Sur le terrain humanitaire, l'écart entre besoin et financement se lit crûment. L'Organisation internationale pour les migrations évaluait ses besoins à 55,8 millions de dollars, dont 20 millions seulement étaient mobilisés, laissant un déficit de 35,8 millions. Action contre la faim, par la voix de sa directrice pays Marie-Aure Torti, estimait son plan financé à hauteur de 35 % à peine, soit un manque de 65 %. " Les besoins augmentent plus vite que les financements disponibles ", résumait-elle. Ces déficits ne sont pas des abstractions comptables, ils se traduisent en équipes qui manquent et en zones qui ne sont pas couvertes.

Le contexte international n'aide pas. La réduction des financements américains à l'aide au développement, à travers le démantèlement de l'agence USAID, prive la riposte d'un contributeur historique. Kinshasa tente de combler une partie du vide avec ses propres moyens. Le 19 juin, le ministre de la Santé, le docteur Samuel Roger Kamba, a annoncé la gratuité des soins pour les cas suspects et confirmés en Ituri, une mesure qui engage le budget national. " L'État congolais prend en charge la gratuité des soins ", a-t-il déclaré, plaçant la souveraineté sanitaire au cœur de la réponse.

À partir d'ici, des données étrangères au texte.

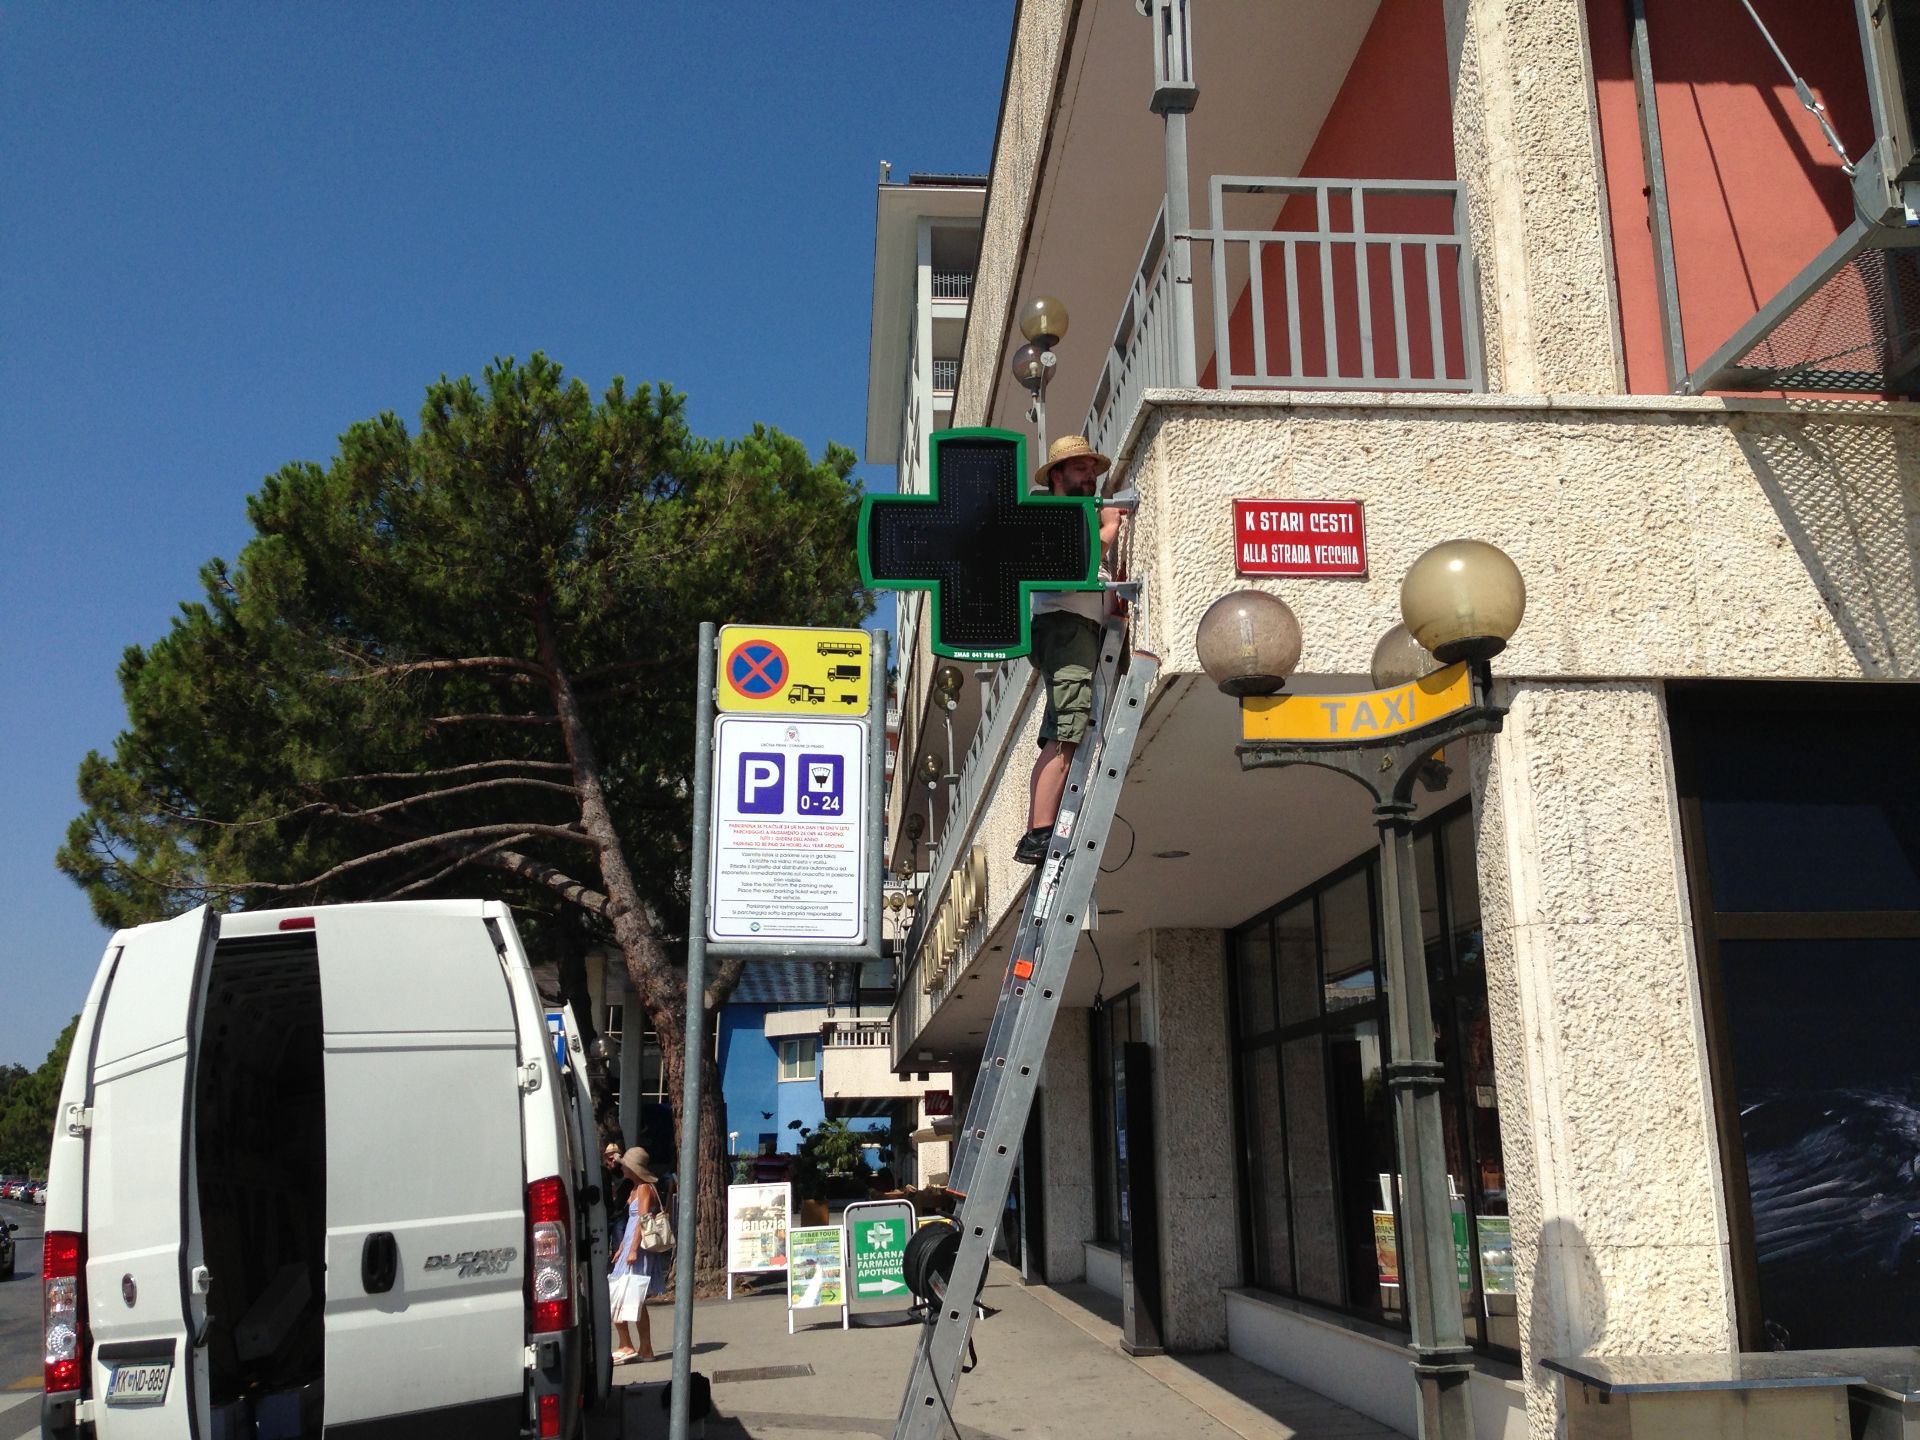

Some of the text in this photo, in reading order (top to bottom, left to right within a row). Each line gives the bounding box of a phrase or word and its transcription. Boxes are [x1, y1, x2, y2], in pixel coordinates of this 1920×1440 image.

[1245, 512, 1352, 533] K STARI CESTI
[1244, 544, 1359, 564] ALLA STRADA VECCHIA
[1320, 690, 1416, 733] TAXI
[744, 760, 780, 803] P
[737, 1218, 785, 1232] enezia
[424, 1247, 517, 1272] DUCATO
[857, 1250, 904, 1260] LEKARNA
[115, 1368, 165, 1392] KK ND-889

Reste à ne pas confondre les milliards. Deux chiffres de " 1,4 milliard " circulent, l'un désignant le besoin révisé du plan Ebola continental, l'autre un plan de réponse humanitaire plus large pour la RDC, financé à environ 53 %. Les mêmes montants, brandis dans des contextes distincts, nourrissent la confusion et l'impression trompeuse d'une abondance de moyens. Pour Kinshasa comme pour les bailleurs, la vraie mesure n'est pas la somme des annonces, mais la part qui atteint réellement les centres de traitement, les équipes de traçage et les laboratoires. Un communiqué de financement se rédige en un jour. Une riposte se paie sur la durée. C'est au décaissement, pas à l'annonce, que se jugera l'effort.